Real estate investments and rental properties can be a reliable means of generating income throughout your retirement. Investors get immediate cash flow, but also create wealth that lasts beyond their lifetime.
There’s no magic formula for how many rental properties investors need to retire. The ideal number of rental properties depends on factors like retirement expenses, investment portfolio, and how much wealth individuals are able to invest.
Why Should You Retire With Rental Income?
Between stocks, bonds, and other kinds of investments, why should investors opt for rental properties to fund their retirement? Most professionals recommend diversifying the risk of portfolio assets, but to transition to lower risk assets as individuals approach retirement.
At that point, people are looking to preserve their capital to maintain and enjoy their retirement lifestyle. Rental properties may not offer the same return as stocks, but provide reliable income to comfortably cover retirement expenses.

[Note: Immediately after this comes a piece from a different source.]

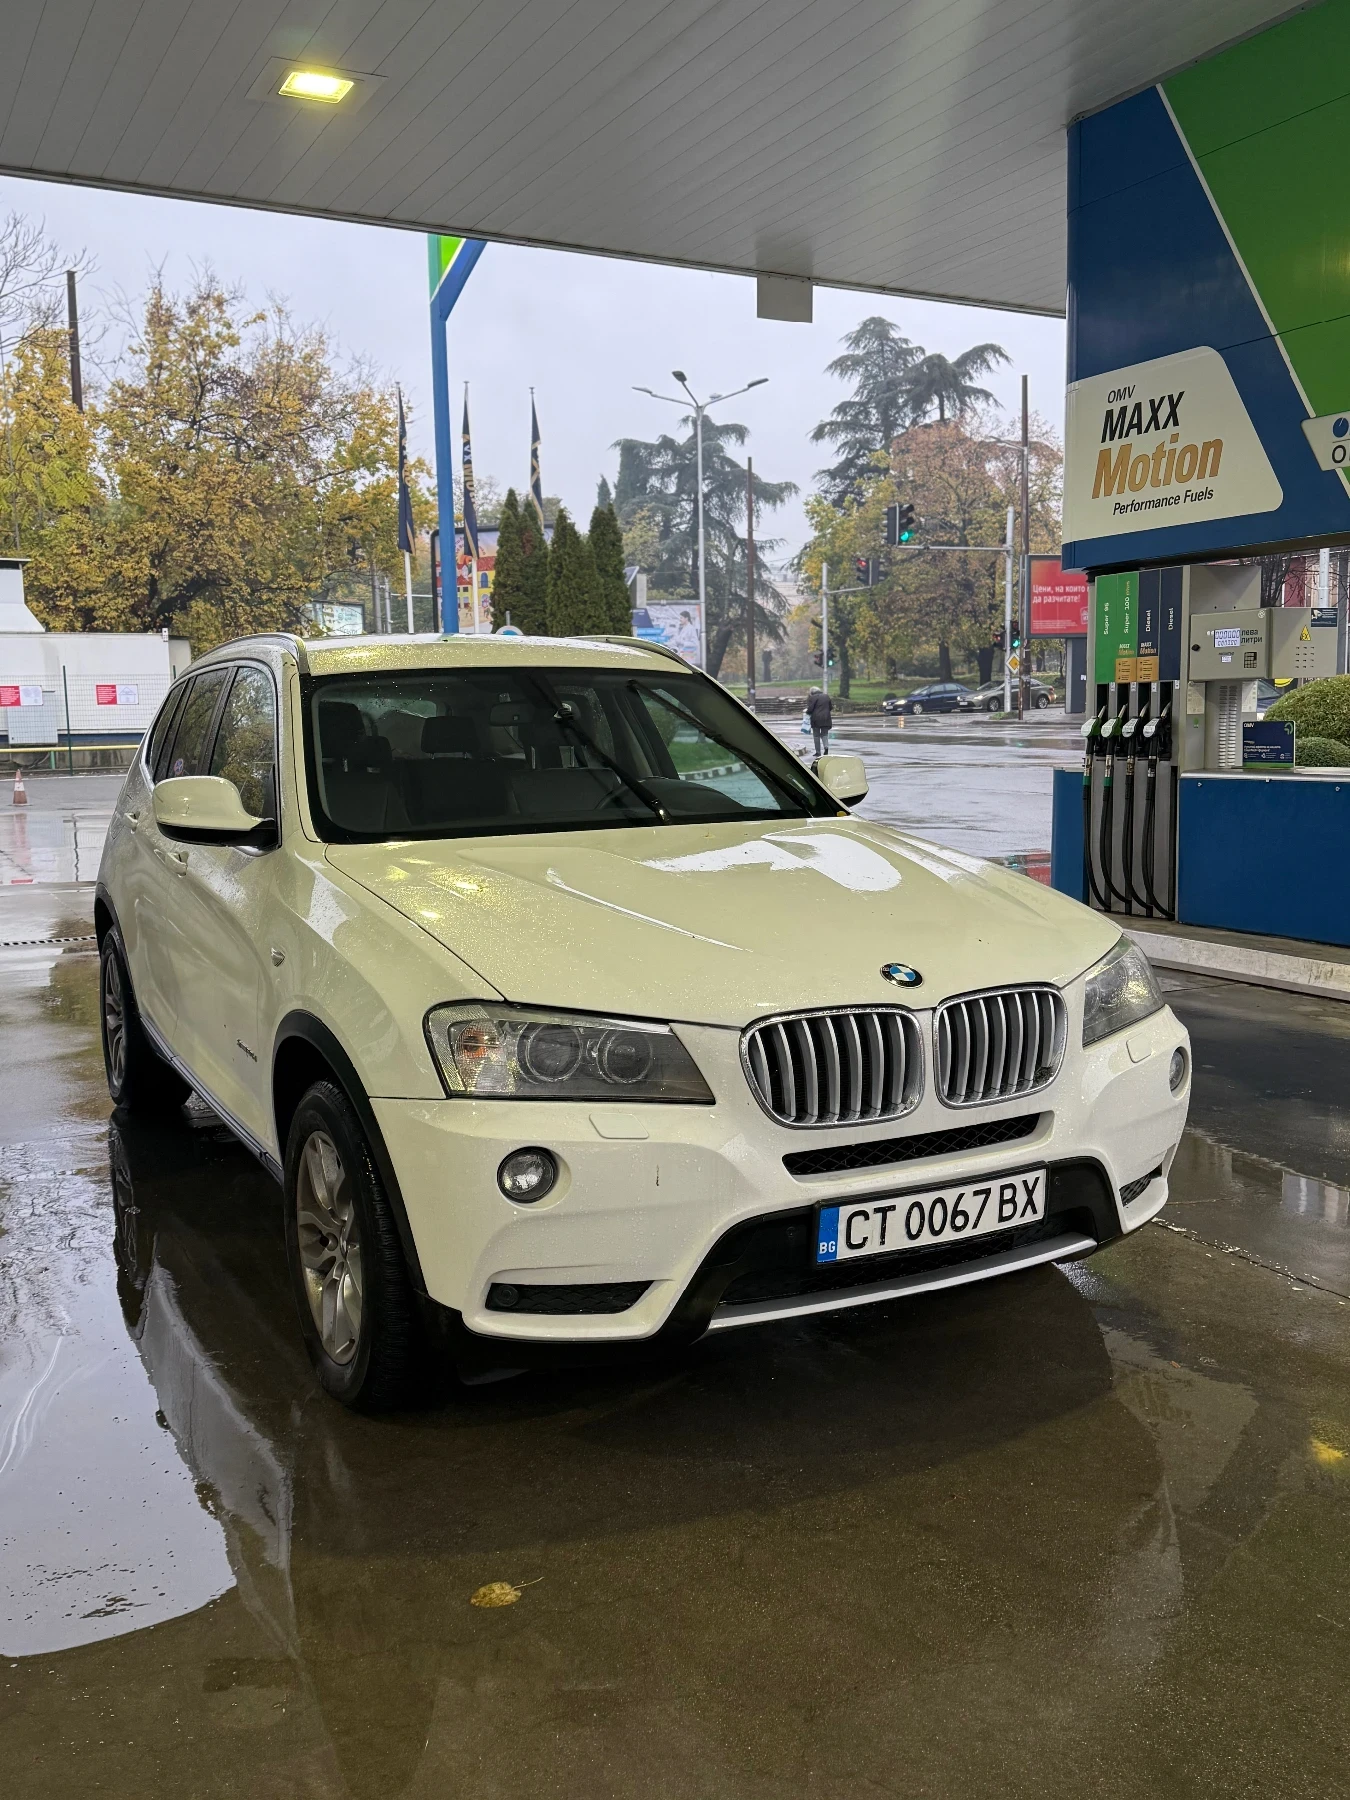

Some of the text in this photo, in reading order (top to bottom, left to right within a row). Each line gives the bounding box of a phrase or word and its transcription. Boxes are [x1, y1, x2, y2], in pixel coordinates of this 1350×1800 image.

How Much Income Do You Need To Retire?
The first step to knowing how many rental properties someone might need is determining retirement expenses. Investors should look at current monthly expenses and identify any factors that might increase or decrease expenses in the future, such as lifestyle changes or inflation.
Retirees often face increased expenses as they indulge in travel or experience unforeseen medical costs. They should account for the extra time they'll have for post-retirement activities when estimating monthly and annual expenses.
Which Rental Properties Should You Buy?
Investors use cash-on-cash return calculations to determine the pre-tax cash income earned on the wealth invested in a property. Most generally won’t be able to exceed 10%, but should aim for at least 6%.
Factors such as the type of property, location, price, and rental income will affect return potential. Investors should also consider any property management fees or other rental property cost, then use that research to determine how much average cash flow each rental property will generate.
Calculating Investment Needed
Once investors know what to expect for expenses and rental property return, they can use that information to determine how much they'll need to invest.
The first step in this math is to divide expenses by cash-on-cash return. For instance, if an individual requires $100,000 annually for retirement and expects a 10% cash-on-cash return, they'll need to invest about $1,250,000.
Put It All Together
Once the amount needed to invest is determined, the math is pretty straightforward. If properties in the market sell for about $250,000, the investor needs five rental properties. If properties sell for $150,000, they'll need about eight properties.
This simplistic approach won’t be a perfect prediction for rental property investment, but these calculations give a solid strategy framework. However, factors like market conditions or expense changes might require investors to re-evaluate their investment strategy.